Nel giro di poche settimane, con il ritorno di Donald Trump al centro della scena politica americana, si è verificato un rovesciamento senza precedenti delle dinamiche politiche europee. Gli sovranisti, un tempo paladini della chiusura nazionale, si stanno aprendo a un’inedita forma di globalismo atlantico, ispirata direttamente al modello trumpiano. Al contrario, i moderati tecnocratici, con in testa il Partito Popolare Europeo, si stanno ricompattando attorno a una nuova forma di sovranismo europeo, deciso a rafforzare l’Unione come soggetto politico e strategico indipendente.
A fare da epicentro di questa trasformazione è stata Madrid, dove si è tenuto il summit dei Patrioti per l’Europa. Da Marine Le Pen a Viktor Orbán, da Matteo Salvini a Santiago Abascal, l’intero fronte della destra radicale ha salutato Trump come un alleato naturale. Salvini ha parlato apertamente di “opportunità storica”, evocando una linea comune tra Stati Uniti e Europa nel nome della “vera sovranità”. Il paradosso è evidente: per i sovranisti europei, oggi la sovranità passa da Washington, non più da Bruxelles.

Ma è sul fronte moderato che si assiste al cambiamento più profondo. La Germania, guida storica del Partito Popolare Europeo, ha rotto ogni ambiguità. Il leader della CDU, Friedrich Merz, ha dichiarato in modo netto che l’Europa non può più permettersi di dipendere dalla volontà degli Stati Uniti. Di fronte a un possibile disimpegno americano dalla NATO — ventilato da Trump con parole brutali —, Merz ha rilanciato la necessità di una difesa europea autonoma, un esercito comune e una politica estera capace di parlare con una sola voce. In gioco, ha sottolineato, c’è la sopravvivenza stessa dell’Europa come attore geopolitico.
In tutto questo, non si può non citare l’attivismo di Emmanuel Macron, che da tempo insiste sulla costruzione di una sovranità strategica europea, e che ora appare come uno dei pochi leader ad aver previsto — e preparato — la crisi di dipendenza da Washington. Macron, dopo anni di discorsi inascoltati sul “pilastro europeo della difesa”, ha colto l’occasione del ritorno di Trump per rilanciare una visione assertiva dell’Europa, capace di agire nel mondo come una potenza autonoma.
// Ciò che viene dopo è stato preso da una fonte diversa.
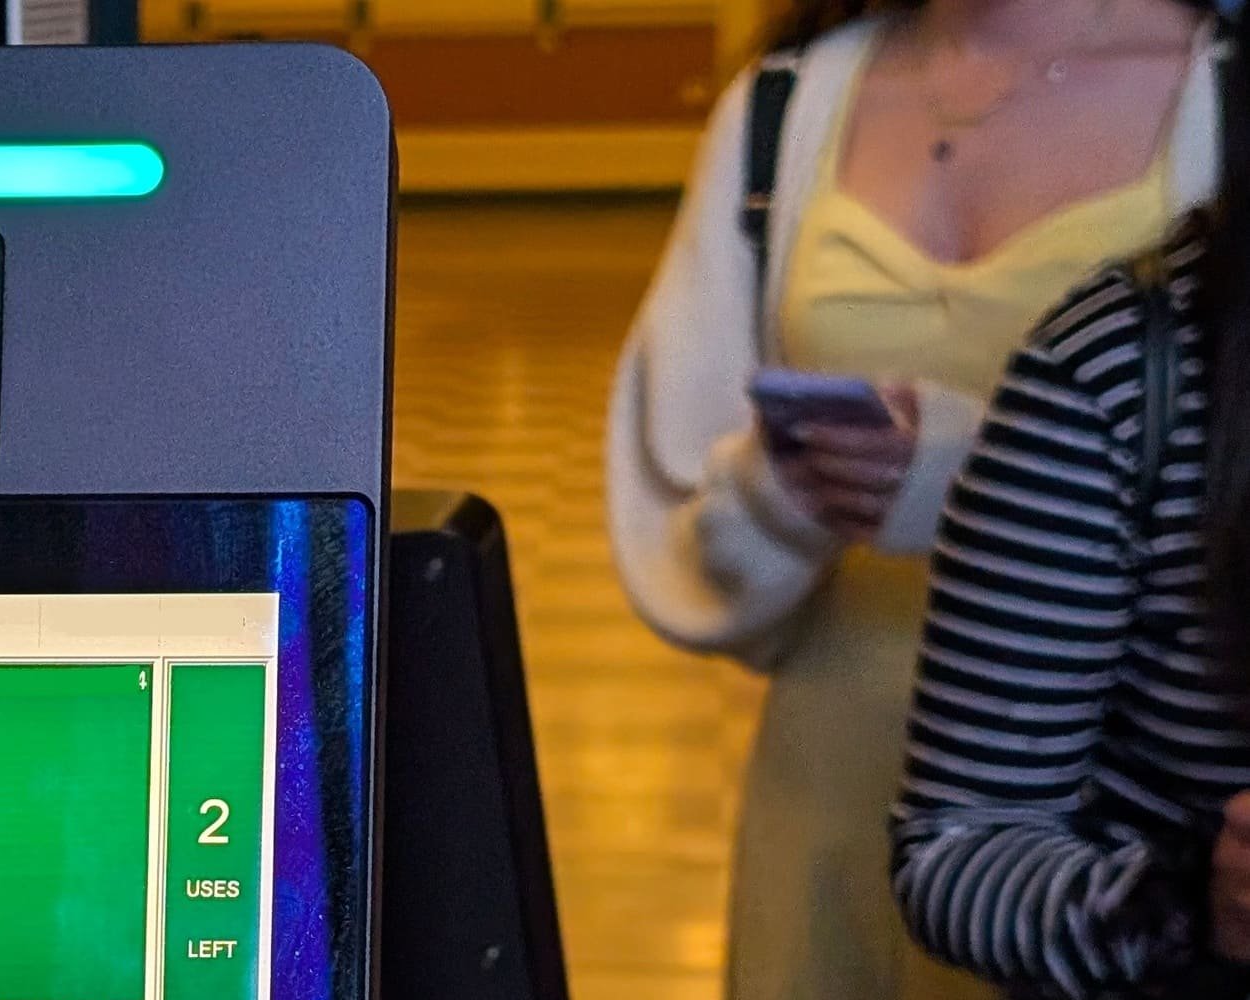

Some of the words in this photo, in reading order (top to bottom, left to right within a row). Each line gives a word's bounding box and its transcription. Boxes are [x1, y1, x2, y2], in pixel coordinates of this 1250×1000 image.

La sua insistenza su una “Europa che protegge” non appare più come una formula retorica, ma come un’urgenza geopolitica condivisa, anche dai partner più riluttanti.
A confermare questa accelerazione, la nascita del gruppo Weimar+ — che riunisce Francia, Germania, Polonia, Regno Unito, Spagna, Italia e la Commissione Europea — rappresenta il tentativo più concreto di dare forma a una regia strategica comune. Non più un’Europa che subisce, ma un’Europa che si posiziona. Un’Europa che prende atto che l’era della delega agli Stati Uniti è finita.
Così, mentre i sovranisti europei inseguono Trump, i moderati si scoprono sovranisti. La contraddizione è solo apparente: la posta in gioco non è più la dicotomia tra apertura e chiusura, ma tra dipendenza e autodeterminazione. E in questa nuova geografia politica, l’Europa sta imparando che la vera sovranità non si rivendica urlando, ma costruendo potere.